When far right groups try to downplay their reputation for violent extremism and present a more respectable face to the public they always have a credibility problem. Claims that an organisation is merely expressing the concerns of ordinary patriotic British citizens are rather undermined when there is clear evidence that the organisation’s leadership and a large section of its membership consist of hooligans, racists and neo-Nazis.
Nick Griffin’s “modernisation” strategy for the British National Party repeatedly ran up against this obstacle and the English Defence League faces the same difficulty. In the EDL’s case the challenge of acquiring a cover of respectability is possibly even greater, as its leaders have rejected Griffin’s “suits not boots” approach in favour of a revival of the aggressive “march and grow” street politics of the ’70s National Front. As a result, the picture of the EDL lodged in popular consciousness is of a mob of lager-fuelled louts swaggering down the road chanting “Allah is a paedo” while throwing the occasional Nazi salute. Still, that hasn’t prevented the EDL from making a bid for political legitimacy.

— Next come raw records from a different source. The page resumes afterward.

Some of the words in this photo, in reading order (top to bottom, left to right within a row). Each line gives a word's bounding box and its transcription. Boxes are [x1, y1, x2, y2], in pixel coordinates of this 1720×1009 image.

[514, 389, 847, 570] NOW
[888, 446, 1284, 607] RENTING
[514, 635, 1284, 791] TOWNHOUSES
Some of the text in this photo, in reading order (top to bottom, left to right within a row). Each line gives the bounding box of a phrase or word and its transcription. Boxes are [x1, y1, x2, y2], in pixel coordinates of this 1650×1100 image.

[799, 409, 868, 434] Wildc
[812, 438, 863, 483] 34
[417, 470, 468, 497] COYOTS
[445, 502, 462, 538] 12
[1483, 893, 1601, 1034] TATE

One of the stunts the EDL is currently preparing is a march to parliament on 8 October under the slogan “Sick? Explain Why Mr Cameron?”. This is in protest at the prime minister’s condemnation of the EDL in the House of Commons last month, when he stated that “I have described some parts of our society as sick, and there is none sicker than the EDL”. The EDL’s response was to demand indignantly of Cameron: “Have you read our Mission Statement lately? We suspect not. No sane person could say it is sick to oppose terrorism, sexism, homophobia, and anti-Semitism whilst standing for integration and equality.”

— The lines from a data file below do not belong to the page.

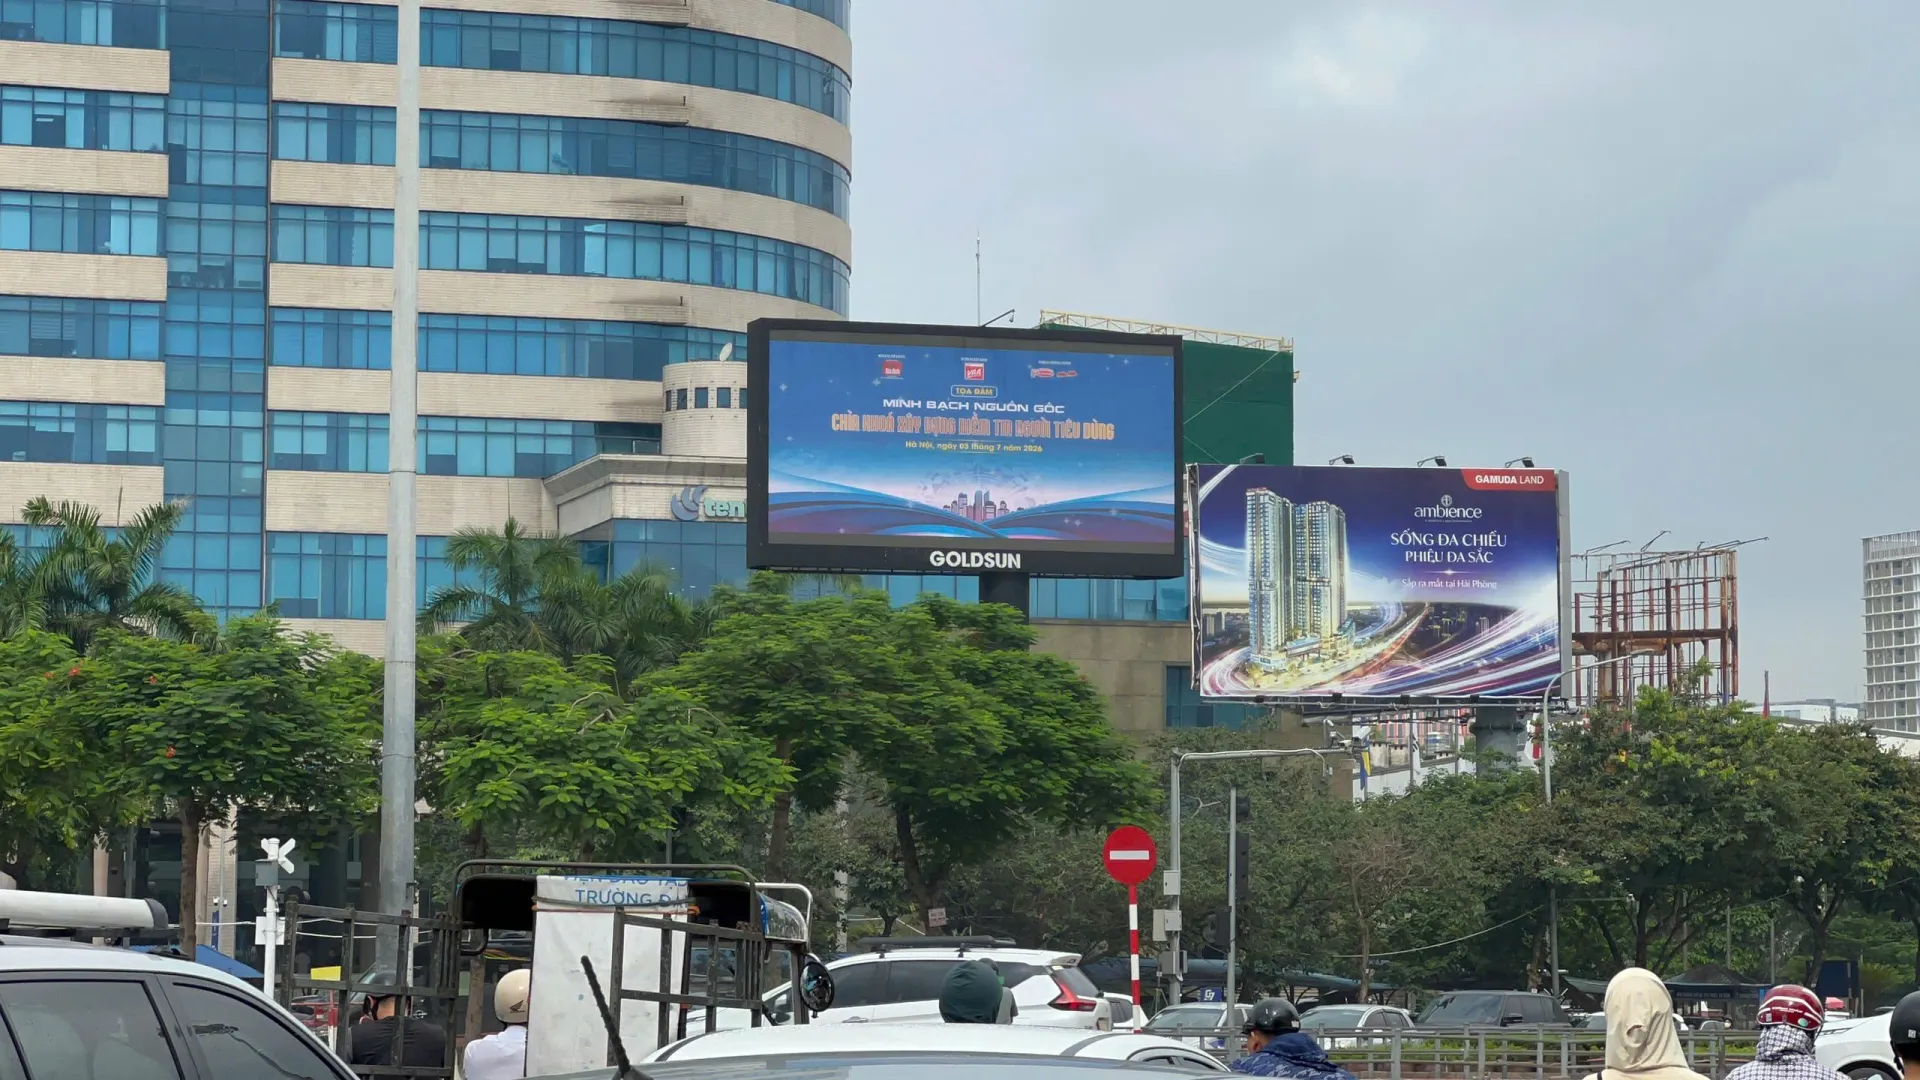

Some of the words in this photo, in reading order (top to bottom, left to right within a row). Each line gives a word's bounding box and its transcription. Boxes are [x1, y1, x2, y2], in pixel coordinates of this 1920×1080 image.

[883, 399, 922, 408] MINH
[926, 400, 969, 411] BẠCH
[897, 412, 921, 433] XÂY
[993, 419, 1013, 437] TIN
[1053, 418, 1081, 439] TIÊU
[1083, 418, 1115, 440] DÙNG
[959, 442, 969, 450] 03
[996, 443, 1002, 451] 7
[1475, 474, 1518, 484] GAMUDA
[1519, 475, 1545, 485] LAND
[1414, 504, 1483, 519] ambience
[1390, 528, 1434, 546] SỐNG
[1438, 533, 1459, 546] ĐA
[1462, 530, 1507, 547] CHIỀU
[929, 550, 1021, 569] GOLDSUN
[1447, 551, 1466, 563] ĐA
[1467, 547, 1494, 563] SẮC
[1418, 580, 1427, 588] ra
[1445, 580, 1456, 589] tại
[1457, 579, 1471, 588] Hải
[1472, 579, 1498, 589] Phòng
[575, 888, 652, 905] TRƯỜNG

No doubt reasoning that it wouldn’t exactly strengthen their claim to be pursuing this progressive agenda if they turned up at Westminster on 8 October with the usual gang of drunken football hooligans shouting racist abuse, the leadership has decided that the demonstration will be organised by the EDL’s women members, known bizarrely as “Angels”, who are collecting names for a petition (“EDL Angels are not sick”) that they intend to hand in at Downing Street.
But the EDL’s attempt cultivate a more moderate public image by placing women at the forefront of its campaign against Cameron is hardly assisted when the first name to appear on the petition is that of Hel Gower, PA to the EDL’s leaders and head of its admin team. In addition to holding the view that “Muslims are total scum bags” Gower is well known for her fascist sympathies, having declared her political support both for the BNP and for an openly Nazi groupuscule called the British First Party. And the record of other “Angels” is no better.